Je commencerai par une brève introduction sur l'homme et ses écrits: Rabbi Heschel est né à Varsovie, en Pologne, en 1907.11 descendait d'une longue lignée de rabbins hassidiques. Le judaïsme hassidique insiste beaucoup sur la vie spirituelle intérieure de l'homme religieux. Heschel a grandi dans un milieu de profonde spiritualité, un monde de foi. Même s'il a fréquenté plus tard l'Université de Berlin afin d'y poursuivre des études profanes, il n'a jamais cessé au cours de sa vie de puiser aux sources de sa première expérience religieuse.
La poésie comme langage de la foi
Ceux qui étudient la pensée de Heschel sont bien souvent ou déconcertés ou dépassés par le style de ses écrits. Il ne présente pas directement une philosophie religieuse appuyée par des preuves et des arguments. Son oeuvre est poétique. Ses livres sont une description de la foi plutôt qu'une argumentation en faveur de celle-ci. Ce style est voulu et reflète l'idée que se fait Heschel du langage et de la religion. Il semble, en fait, que langage et foi soient étroitement liés dans sa pensée. Je voudrais regarder de près l'idée qu'a Heschel du langage, et partir de là pour présenter sa conception de la foi. Considérons donc séparément chacun des éléments propres à ce style. Heschel fut un maître du langage, et il avait des idées précises sur l'utilisation du langage dans le contexte de la foi. En ce qui concerne le vocabulaire, il écrivait:
La langue de la foi n'emploie que peu de mots forgés selon son propre esprit; la plupart de sa terminologie est empruntée au vocabulaire de l'expérience humaine générale, mais dotée d'une signification nouvelle. En prenant ces termes dans leur sens littéral, on laisse donc échapper les acceptions uniques dont ils se sont chargés dans le domaine religieux.
Dans le langage scientifique, le sens des mots doit être clair, distinct et sans ambiguïté: chaque mot doit traduire le même concept pour tout le monde. En poésie, cependant, les mots qui n'ont qu'un seul sens sont accusés de platitude. Le mot juste y sera souvent celui qui, évoquant une pluralité de significations, peut être compris à plus d'un niveau. Ce qui est une qualité pour le langage scientifique devient un défaut dans l'expression poétique (1).
Heschel écrit sous forme poétique, car il lui semble que la poésie seule est susceptible de communiquer vraiment la richesse du monde de la foi. La foi n'a pas un vocabulaire qui lui soit propre, car on peut seulement faire allusion à l'expérience de foi, mais non pas la décrire. L'allégorie et la métaphore sont les seuls outils permettant de traduire la complexité de cette expérience.

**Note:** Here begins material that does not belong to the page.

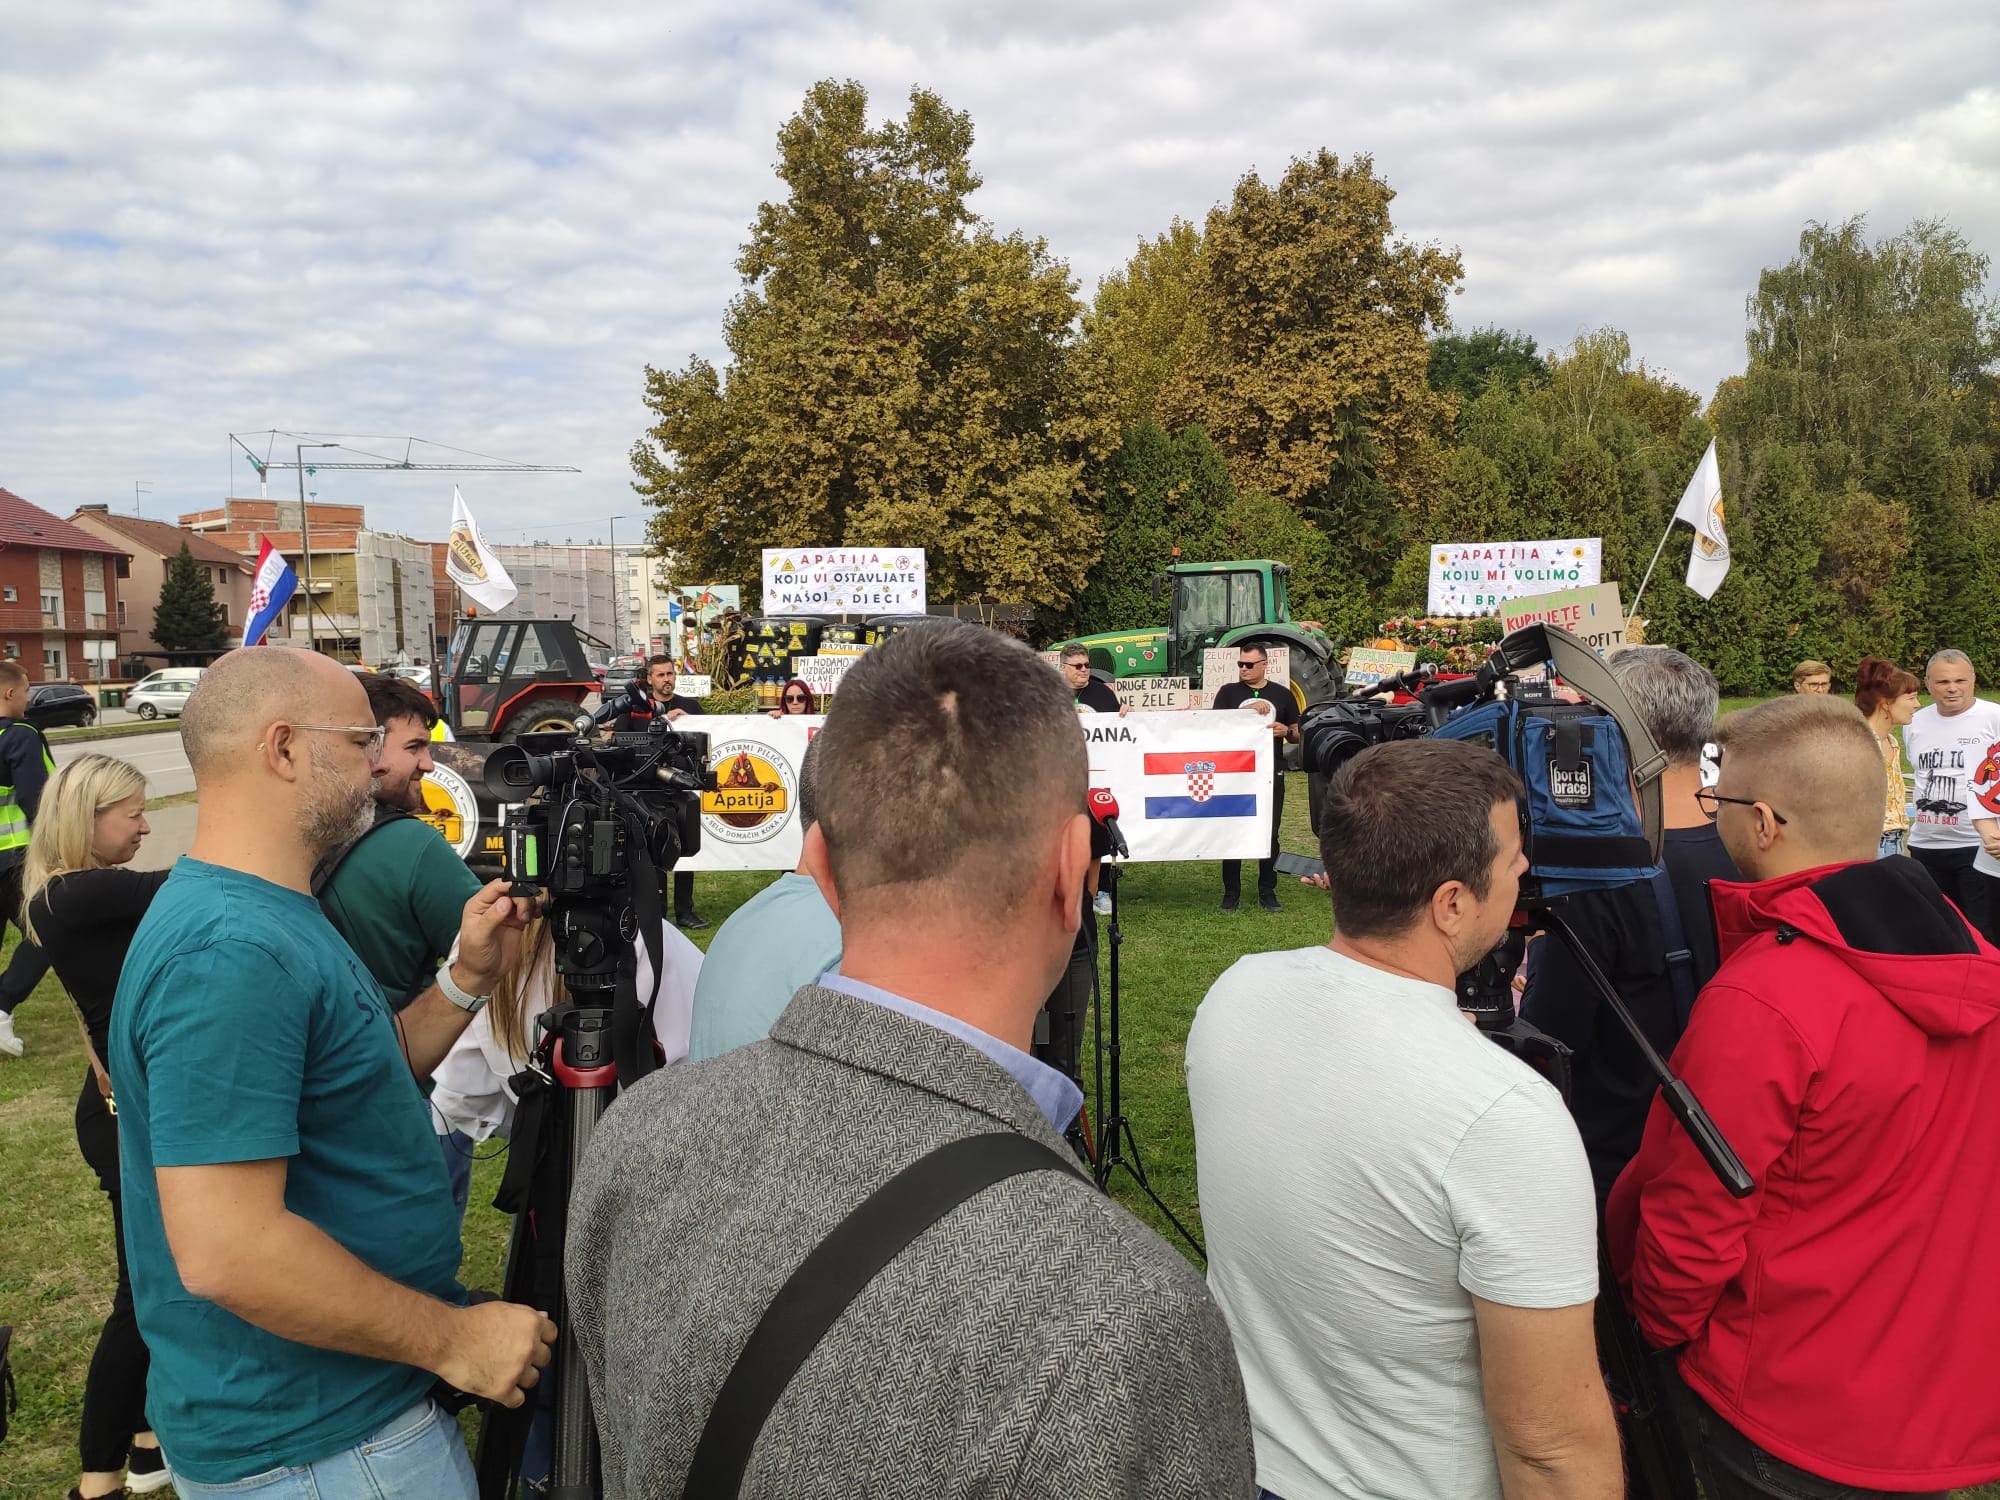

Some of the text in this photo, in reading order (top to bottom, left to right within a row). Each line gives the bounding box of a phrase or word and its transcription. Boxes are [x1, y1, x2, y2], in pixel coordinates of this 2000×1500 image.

De même que les personnes trop terre â terre sont incapables de pénétrer le véritable sens de la poésie, de même sont-elles aveugles à la manifestation de la main de Dieu dans la création. On pourrait, en fait, dire que la clef de la foi religieuse réside dans la capacité de voir le monde comme une oeuvre de poésie.
La foi précède la raison
Heschel n'apporte pas des arguments à la foi, car il ne croit pas que les racines de la foi se trouvent dans le domaine de l'argumentation rationnelle: Il écrit:
Quand l'âme n'est pas embrasée, aucune lumière de spéculation n'illuminera l'obscurité de l'indifférence. Aucune démonstration magistrale logique de l'existence de Dieu, ni aucune analyse de la complexité des concepts traditionnels sur Dieu ne réussira à disperser cette obscurité...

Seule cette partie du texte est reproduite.